▸ **EXTRACTED DATA**:
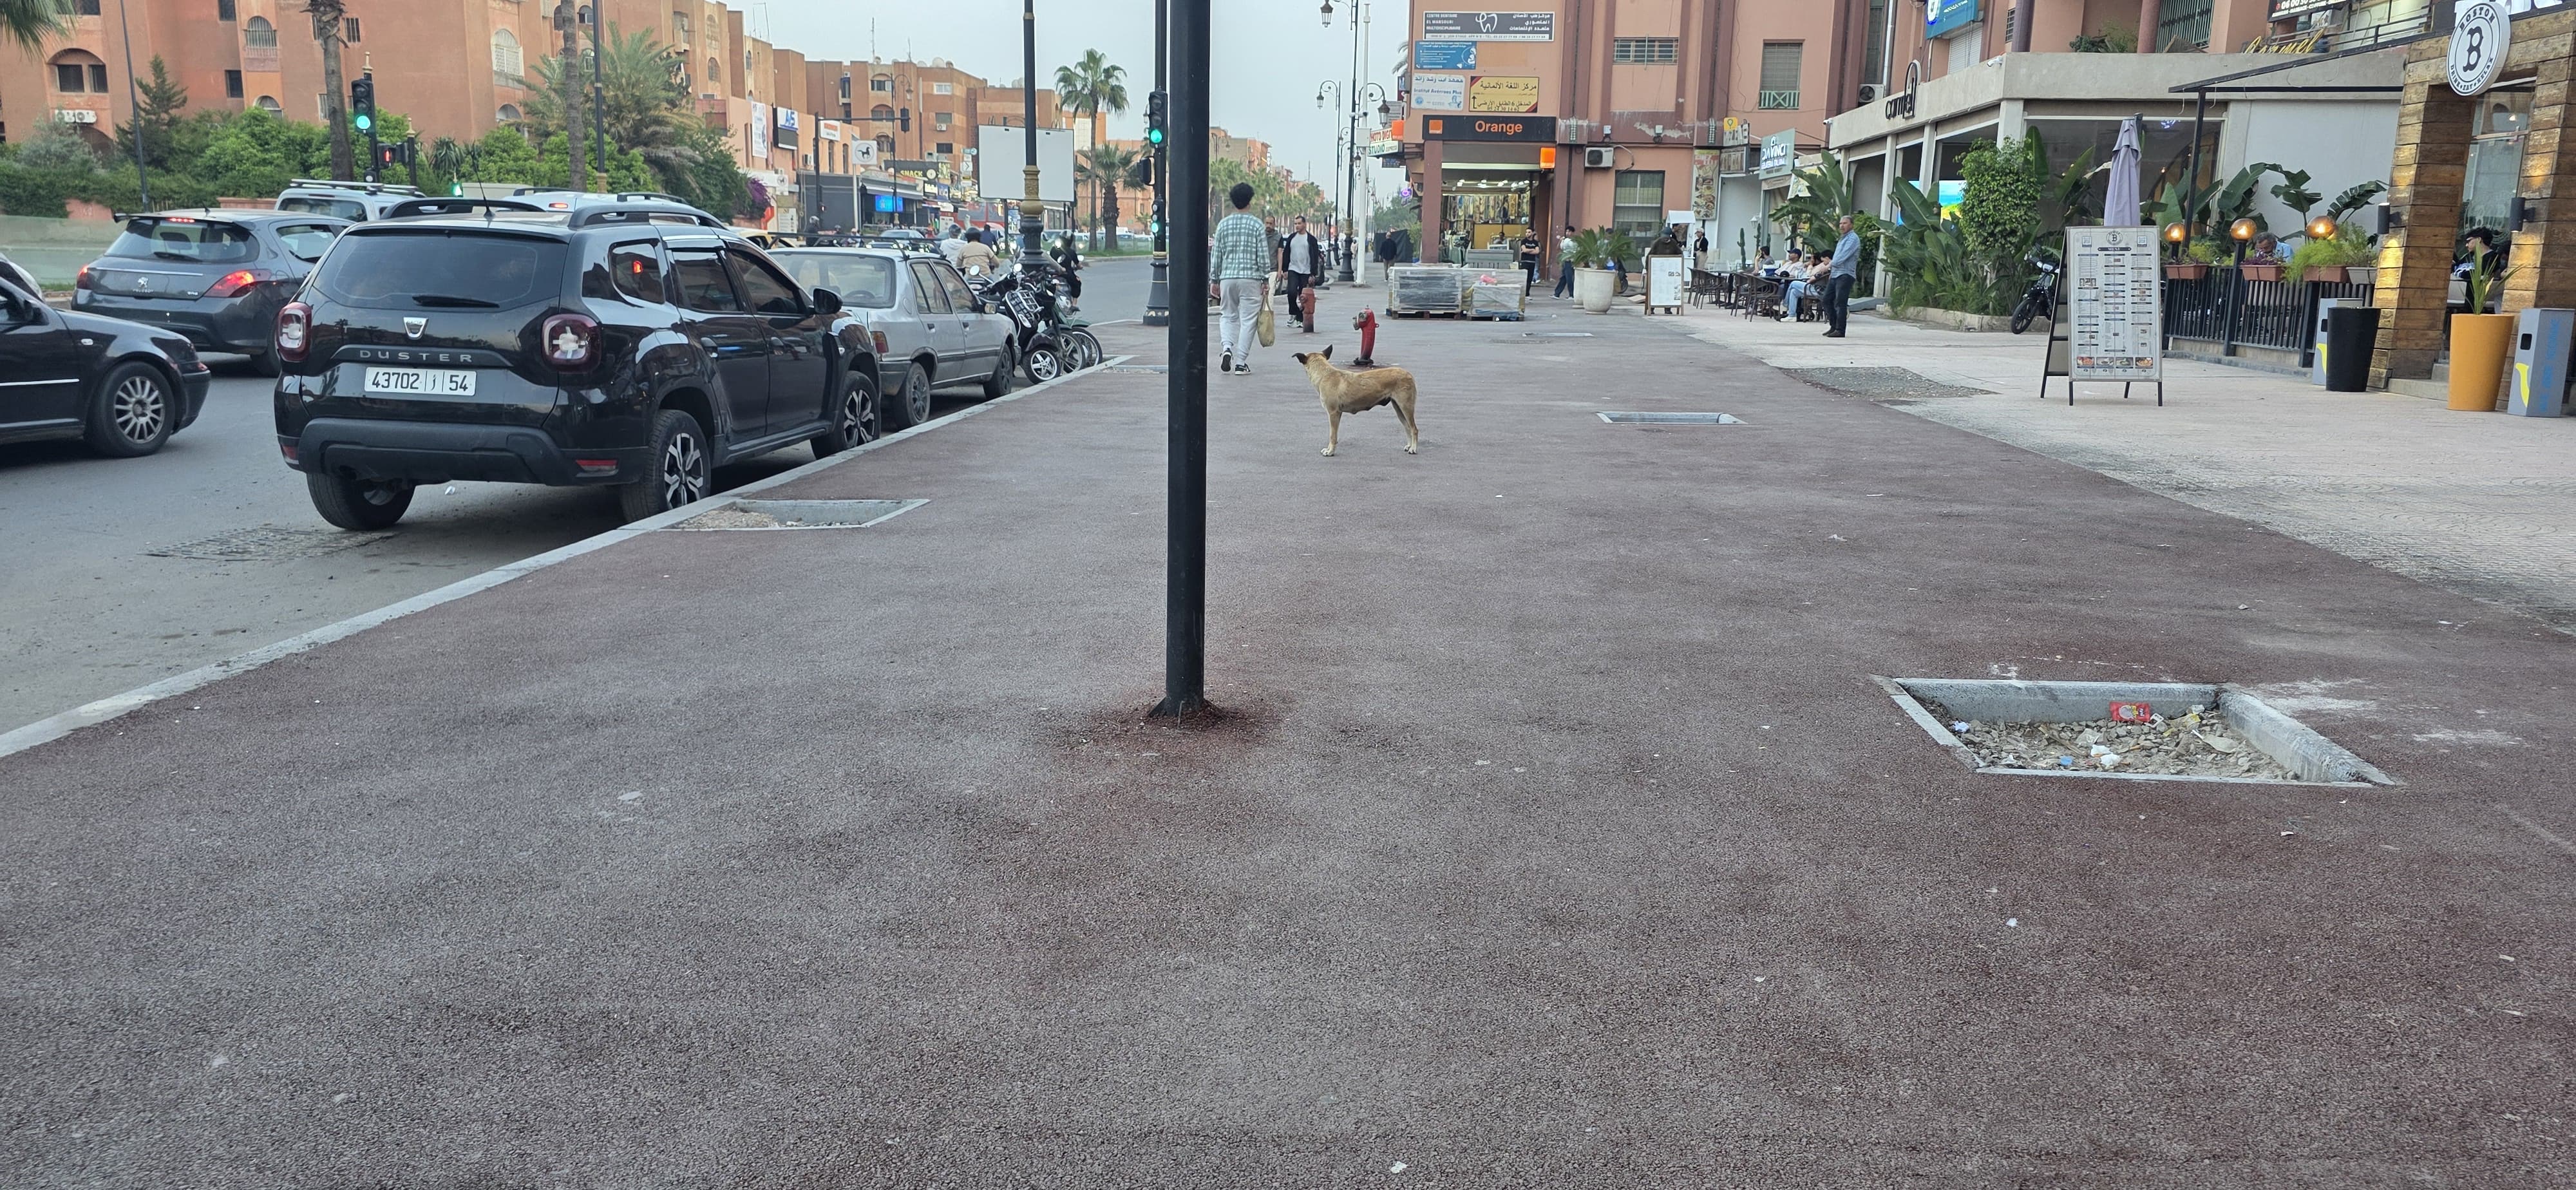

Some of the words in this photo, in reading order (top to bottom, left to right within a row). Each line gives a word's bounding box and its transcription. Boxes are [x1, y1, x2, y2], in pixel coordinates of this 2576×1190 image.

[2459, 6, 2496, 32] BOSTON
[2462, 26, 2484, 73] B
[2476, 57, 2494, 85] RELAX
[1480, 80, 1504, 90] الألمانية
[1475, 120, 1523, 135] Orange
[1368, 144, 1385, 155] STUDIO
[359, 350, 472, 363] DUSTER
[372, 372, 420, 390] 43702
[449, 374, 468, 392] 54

▸ **WHAT THE TASK REQUIRES**: Each entry above should be restated word for word, though no picture may appear in the copy.

▸ **RESPONSE TO THE EXERCISE**:
Some of the words in this photo, in reading order (top to bottom, left to right within a row). Each line gives a word's bounding box and its transcription. Boxes are [x1, y1, x2, y2], in pixel coordinates of this 2576×1190 image.

[2459, 6, 2496, 32] BOSTON
[2462, 26, 2484, 73] B
[2476, 57, 2494, 85] RELAX
[1480, 80, 1504, 90] الألمانية
[1475, 120, 1523, 135] Orange
[1368, 144, 1385, 155] STUDIO
[359, 350, 472, 363] DUSTER
[372, 372, 420, 390] 43702
[449, 374, 468, 392] 54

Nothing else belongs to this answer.